In October 2022 Anne turned 52. Indiana offers no shortage of tourist attractions for history aficionados like her. We’ve visited quite a few of those over the years, but this year we felt it was time to check off one of the Hoosier State’s biggest trivia answers: Corydon, our original state capital before Indianapolis…
On the Indiana/Kentucky border and down the road from Clarksville (which we saw in last year’s stopover on the way to Dragon Con) is the town of Corydon. We honestly thought it would be bigger on the inside, but it’s packed with five towns’ worth of character. Beyond their Original State Capital significance, the materials handed to us by a rather funny tour guide at their visitors’ center included a five-month list of festivals and events that made me wonder how these folks ever have time to sleep. They’re definitely a community that enjoys each other’s company and are tickled pink to welcome any visitors with an inkling to show up and mingle.

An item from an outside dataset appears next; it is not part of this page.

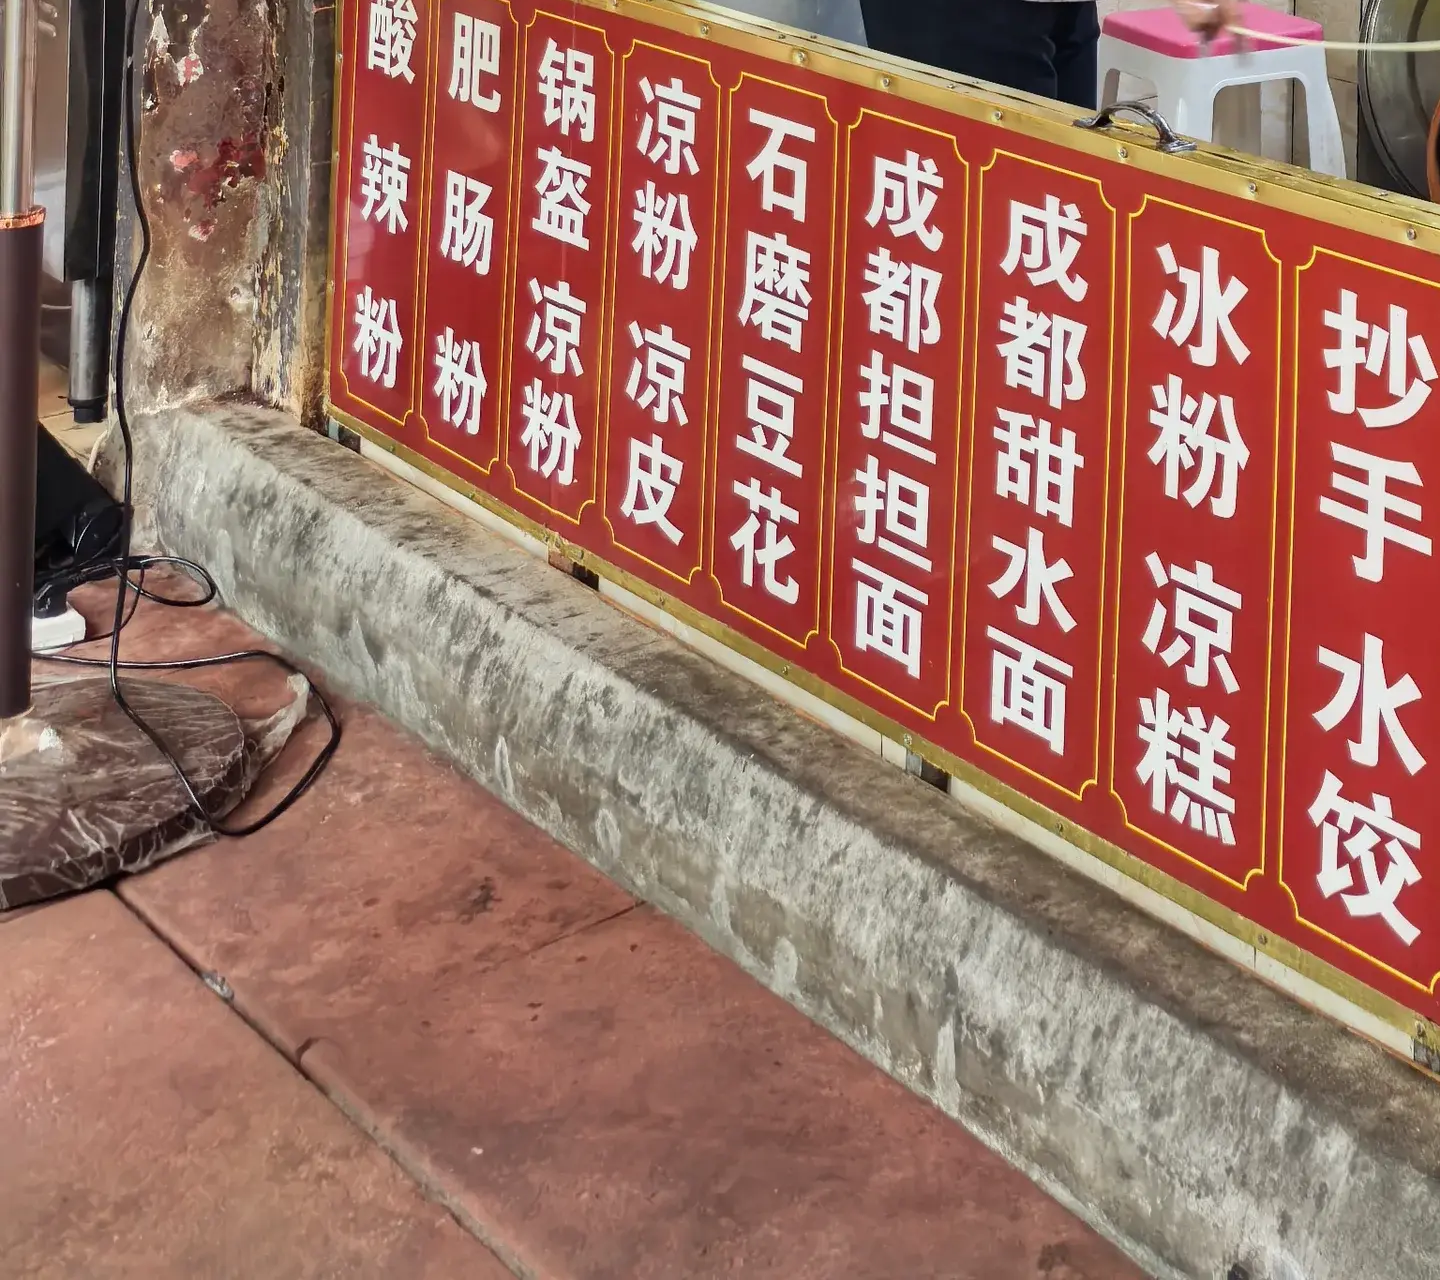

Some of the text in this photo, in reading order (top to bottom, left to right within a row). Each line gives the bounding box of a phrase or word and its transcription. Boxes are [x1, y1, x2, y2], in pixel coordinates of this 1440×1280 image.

[434, 12, 501, 435] 肥肠粉
[730, 108, 815, 604] 石磨豆花
[852, 150, 943, 679] 成都担担面
[987, 194, 1088, 755] 成都甜水面

One of downtown’s newer attractions is Bicentennial Park, an imaginatively decorated rest area and/or gathering spot between the restaurants and the little shops. The park was dedicated in late 2016 on the occasion of Indiana’s statehood bicentennial , which we likewise celebrated up north in Indianapolis, as longtime MCC readers might recall. The place crowded up as the afternoon marched on; in the morning, we tried to be respectful while maneuvering around a yoga class.

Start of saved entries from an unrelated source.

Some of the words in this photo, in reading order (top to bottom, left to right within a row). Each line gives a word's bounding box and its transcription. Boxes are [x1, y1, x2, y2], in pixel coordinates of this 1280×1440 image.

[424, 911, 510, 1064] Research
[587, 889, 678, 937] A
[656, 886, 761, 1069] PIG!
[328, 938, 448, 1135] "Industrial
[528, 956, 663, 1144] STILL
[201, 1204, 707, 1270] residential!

As it happens, not until we were inside the town did we learn they had a festival planned that very weekend. Whereas many towns have their own Oktoberfest, Corydon amended theirs somewhat in 2016 in honor of one of their most revered artisan families. Zimmerman Art Glass traces its lineage back to Pittsburgh’s glass-making heyday and through to ancestral France. The Zimmermans have been a Corydon fixture for nearly 80 years and bill themselves as “the second oldest family-run studio glass factory in the United States”. (Perhaps one day their rivals at Judson Studios in L.A. shall falter and the Zimmermans can snatch up that crown.) They moved into their current downtown HQ in 2015 and have been embraced so warmly by the citizenry that in Corydon’s Oktoberfest was hereby renamed Glasstoberfest.
Locals and visitors from nearby areas were all agog about the Zimmermans’ globes and baubles and artworks and so forth. Glasstoberfest was such a demanding affair for them to orchestrate that the studio didn’t open till 3:00. We returned later in the day and got a closer look, as shown in our lead photo.

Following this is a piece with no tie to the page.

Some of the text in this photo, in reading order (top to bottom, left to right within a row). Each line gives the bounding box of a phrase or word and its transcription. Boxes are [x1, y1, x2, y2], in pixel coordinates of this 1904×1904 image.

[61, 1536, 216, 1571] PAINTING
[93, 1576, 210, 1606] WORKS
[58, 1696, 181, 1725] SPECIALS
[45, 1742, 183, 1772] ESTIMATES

All throughout the day, vendors up and down the street set up their booths, tables, and other ware-plying setups. Arts ‘n’ crafts were unveiled, signs were posted, and we boggled to see one gentleman assiduously stirring the largest cauldron full of ham and beans we’ve ever seen in our lives. We hadn’t planned to stay late or overnight, but we enjoyed watching their prep work as we traipsed around from one historical point of interest to the next.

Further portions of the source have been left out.